Monday, Aug. 13, 1951
Hoosier Bargain
Charlotte's Observer, the biggest (circ. 138,183) daily in the Carolinas, is a newspapering nugget of gold that seldom glitters. Its news pages are a typographical mishmash, its editorial voice a whisper. Yet because in its leisurely stride it picks up every crumb of news in its territory, the 82-year-old Observer is one of the biggest profitmakers of its size in the U.S.
Since its longtime publisher, Curtis Johnson, died last October, the rich daily has been run by an editorial board, overseen by banks, has had no top boss. Last week it got one.
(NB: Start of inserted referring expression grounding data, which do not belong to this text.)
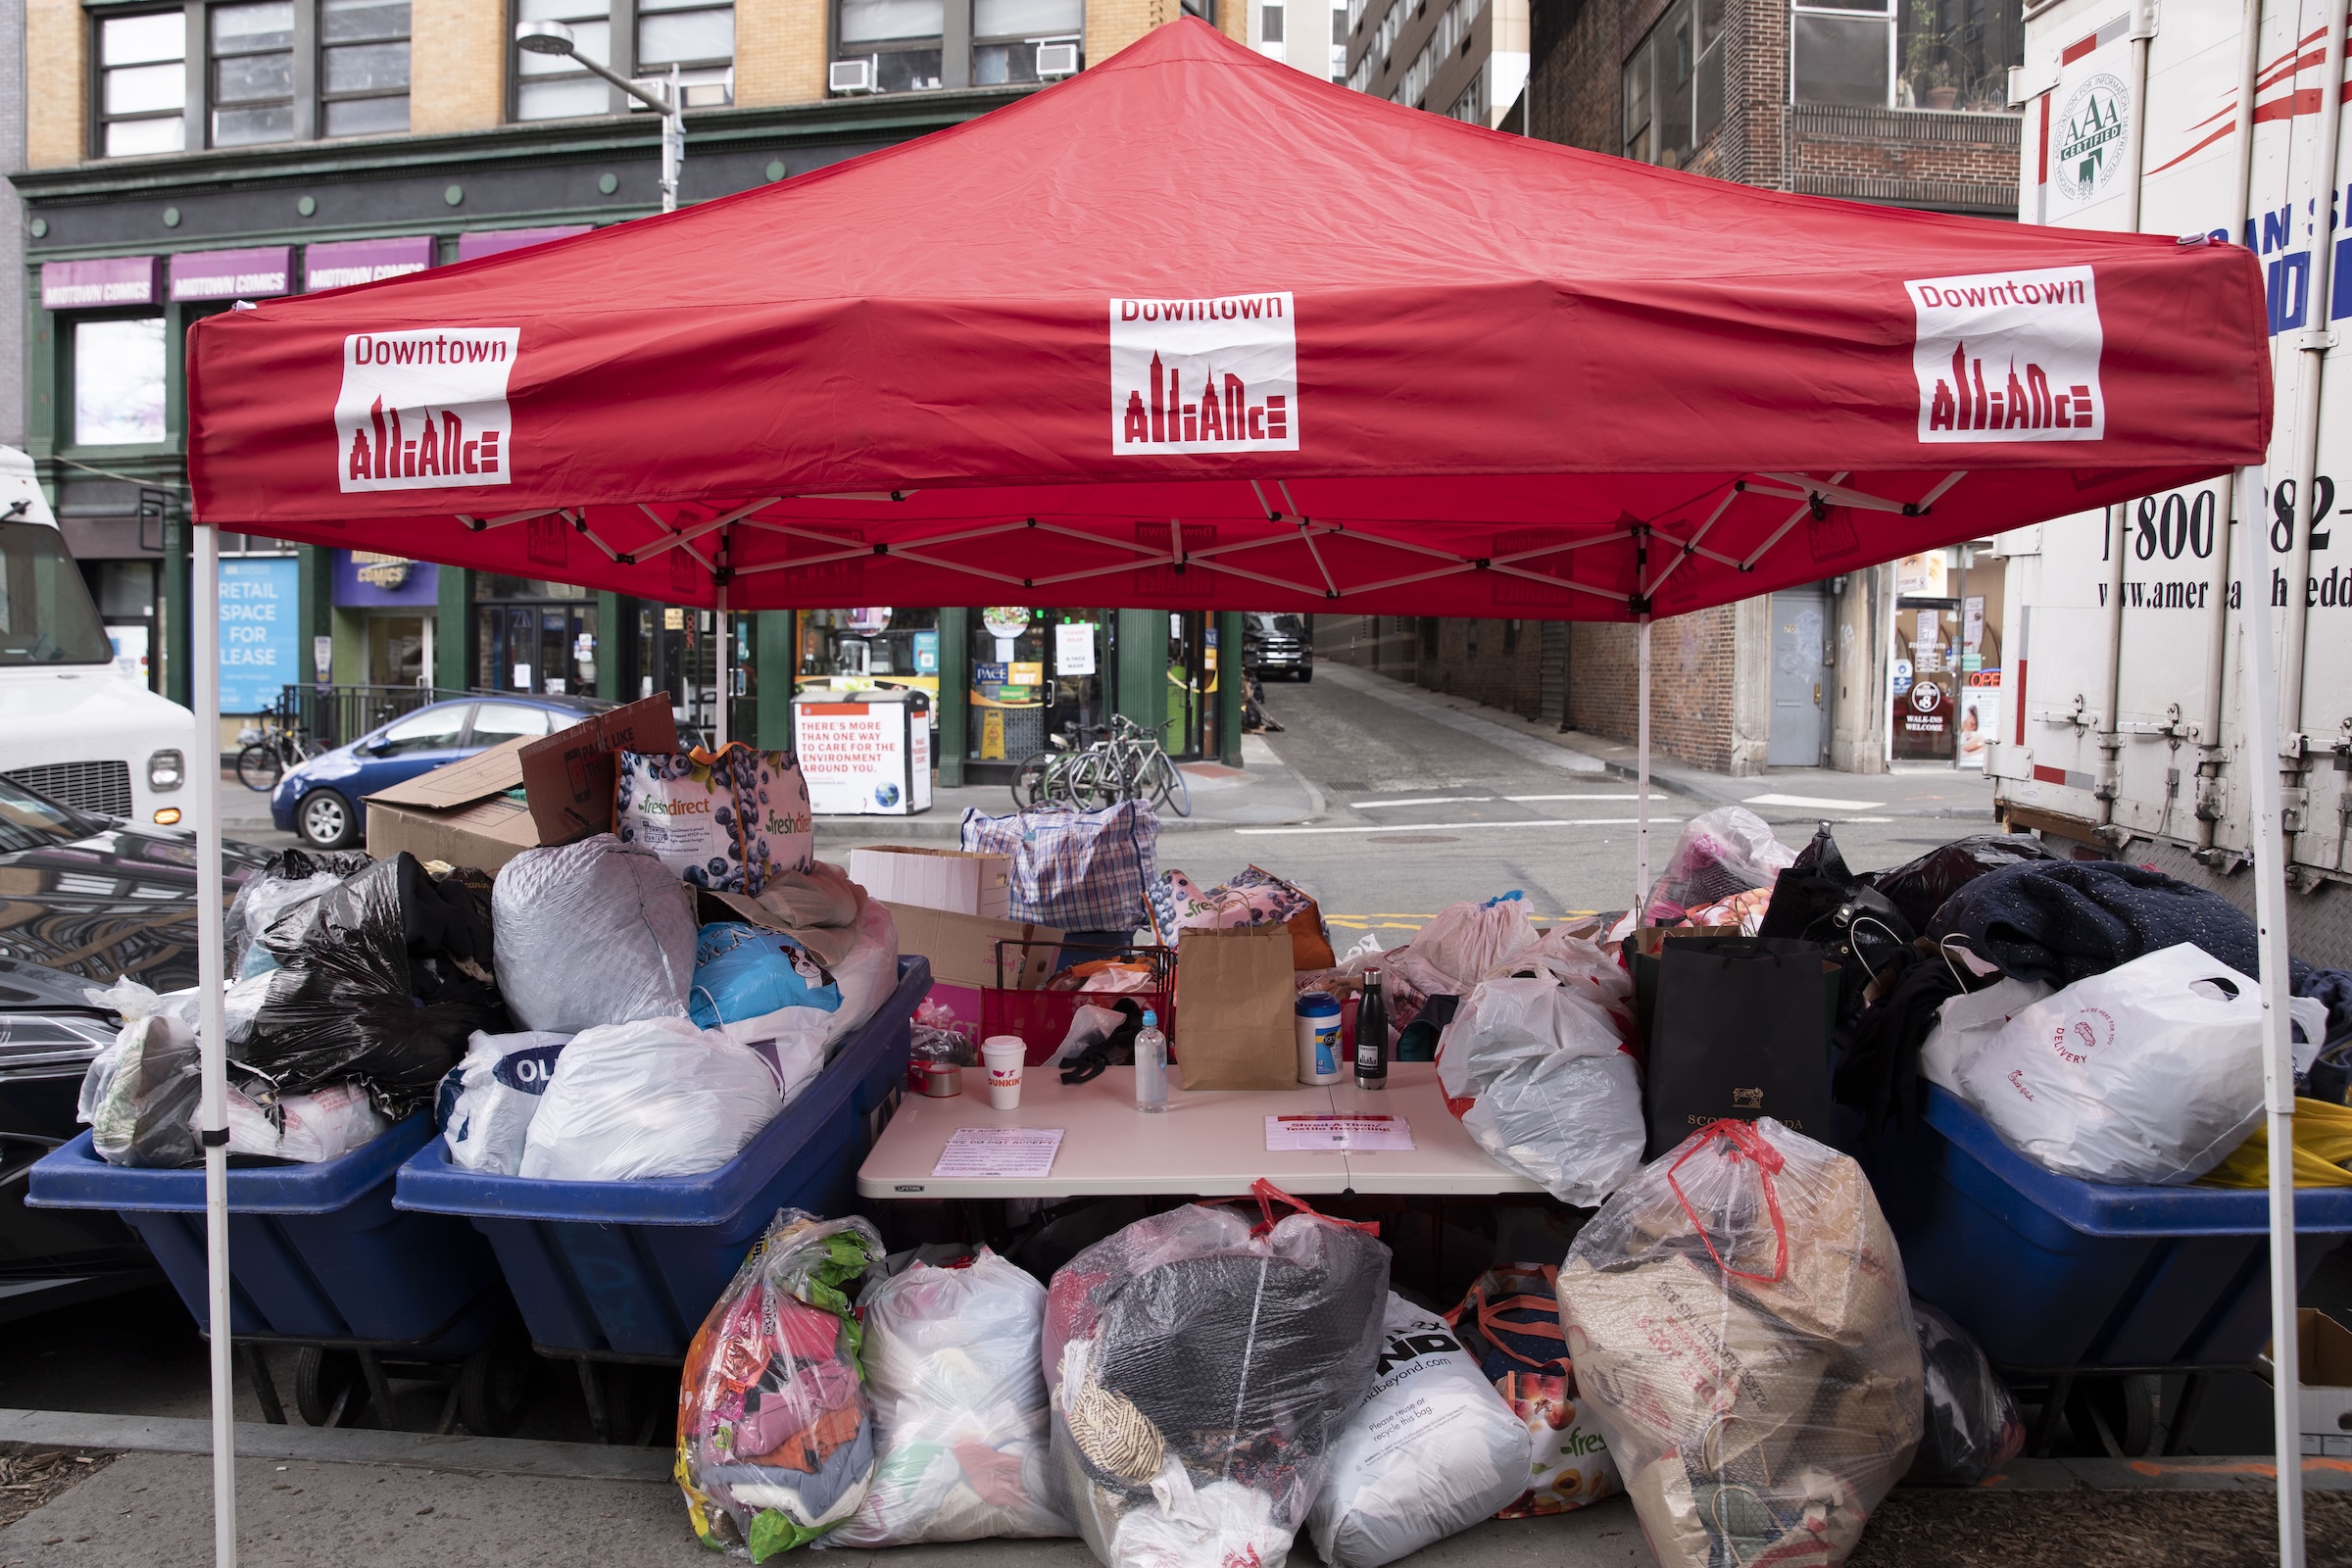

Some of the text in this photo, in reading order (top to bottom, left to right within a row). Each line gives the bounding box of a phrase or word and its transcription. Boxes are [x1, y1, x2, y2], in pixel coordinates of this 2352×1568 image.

[2080, 80, 2093, 94] FOR
[2064, 93, 2119, 147] AAA
[2063, 127, 2119, 160] CERTIFIED
[174, 271, 286, 298] MIDTOWN COMICS
[309, 267, 372, 289] MIDTOWN
[45, 280, 151, 306] MIDTOWN COMICS
[1917, 279, 2085, 308] Downtown
[1121, 297, 1283, 321] Downtown
[356, 334, 507, 366] Downtown
[219, 582, 279, 599] RETAIL
[220, 604, 277, 621] SPACE
[229, 626, 268, 644] FOR
[1922, 628, 1936, 639] 70
[220, 648, 277, 665] LEASE
[976, 667, 1007, 680] PACE
[1014, 673, 1037, 684] EBT
[1970, 672, 2001, 688] OPE
[802, 721, 882, 730] THERE'S MORE
[1906, 714, 1943, 723] WALK-INS
[611, 727, 635, 748] LIKE
[833, 732, 856, 741] ONE
[802, 743, 896, 752] TO CARE FOR THE
[803, 754, 882, 762] ENVIRONMENT
[853, 764, 877, 773] YOU.
[643, 794, 710, 816] freshdirect
[1189, 899, 1218, 916] fre
[2098, 1009, 2111, 1021] HERE
[2054, 1027, 2087, 1064] DELIVERY
[516, 1057, 558, 1083] OL
[1656, 1281, 1681, 1304] BAG
[1677, 1302, 1699, 1327] THIS
[1369, 1396, 1425, 1433] Please reuse or
[1373, 1405, 1435, 1443] recycle this bag.
[1569, 1426, 1607, 1457] fres
In as publisher and part owner stepped Hoosier-born Ralph Nicholson, 52, who has made a reputation for picking up bargains on a shoestring. In eight years, he built the rundown New Orleans Item into a moneymaker before selling it, in 1949, at a $600,000 profit. He bought an interest in the Tampa Times and its radio station, which two weeks ago he sold for $825,000 (he still controls Florida's St. Petersburg Independent).
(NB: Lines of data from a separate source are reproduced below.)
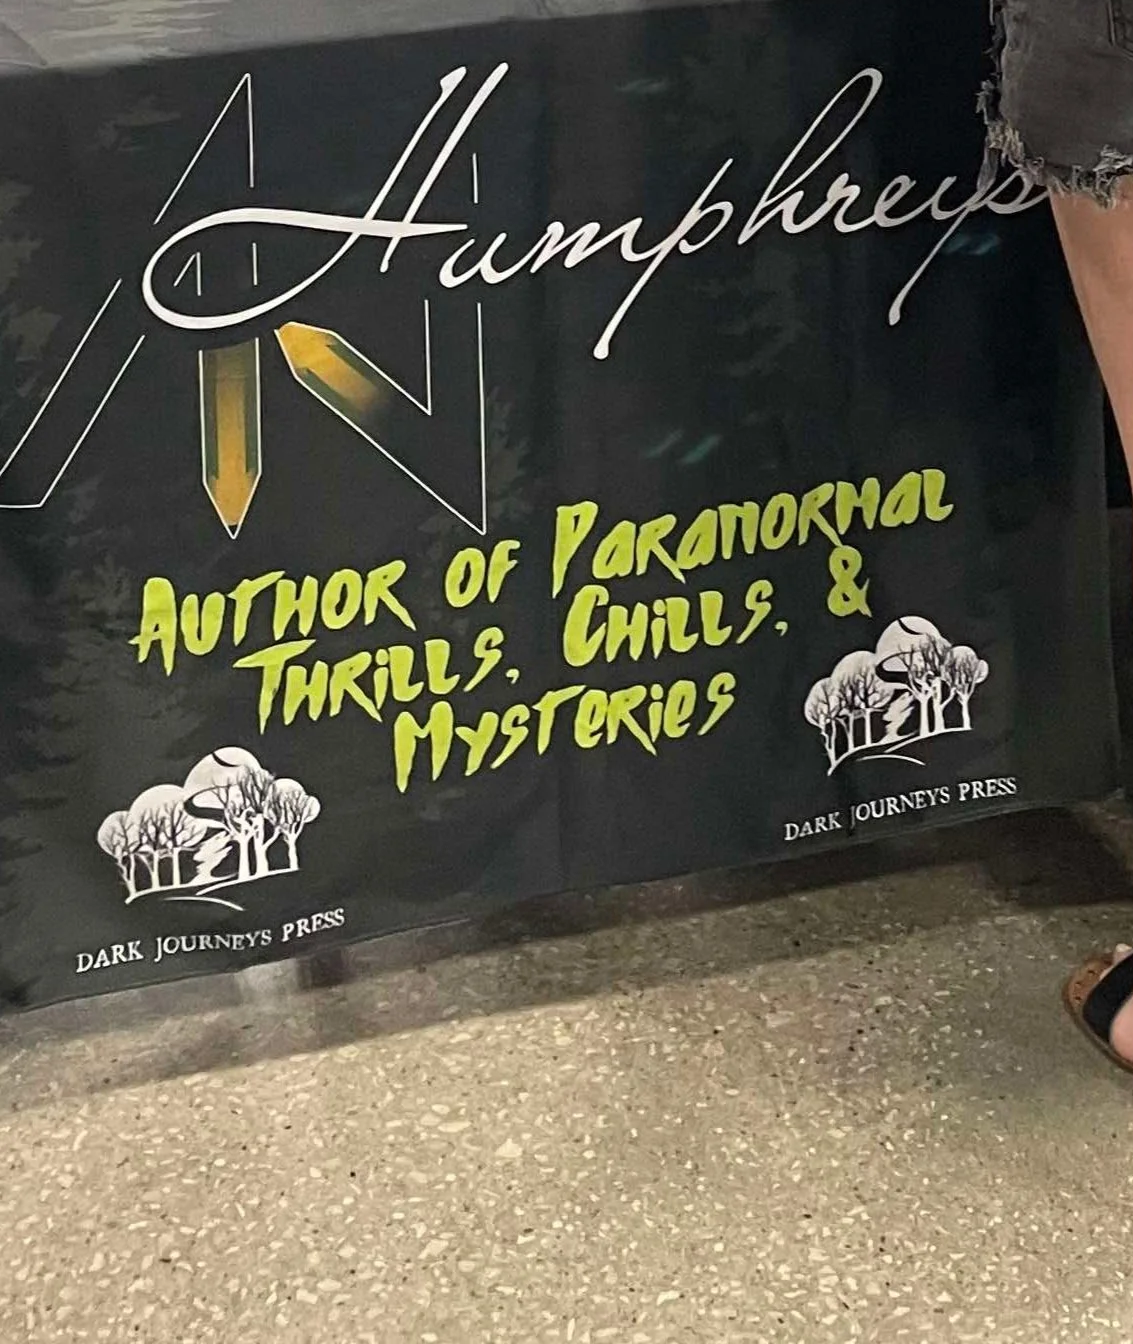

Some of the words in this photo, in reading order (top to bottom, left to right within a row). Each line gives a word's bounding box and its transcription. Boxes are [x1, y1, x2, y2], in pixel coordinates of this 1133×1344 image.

[142, 62, 1052, 360] Humphreys
[826, 544, 873, 618] &
[783, 811, 842, 842] DARK
[850, 786, 951, 830] JOURNEYS
[958, 776, 1018, 802] PRESS
[75, 939, 144, 974] DARK
[154, 929, 273, 963] JOURNEYS
[280, 907, 346, 943] PRESS
In moving into the Observer, Nicholson made even a shrewder deal, took over operating control without having to buy the paper. The owners agreed to 1) make him undisputed boss, 2) pay him $50,000 a year, 3) sell him 5% to 10% of the paper's stock at a "fair" price. The deal was sealed so secretly that not even Observer editors knew it until they were handed the story to run. If they had any Tarheel resentment at an outlander moving in, they covered it with Southern tactfulness: "Mr. Nicholson," said the Observer story, "was born in Richmond, Ind. [where] his ancestors migrated from North Carolina during the early part of the last century."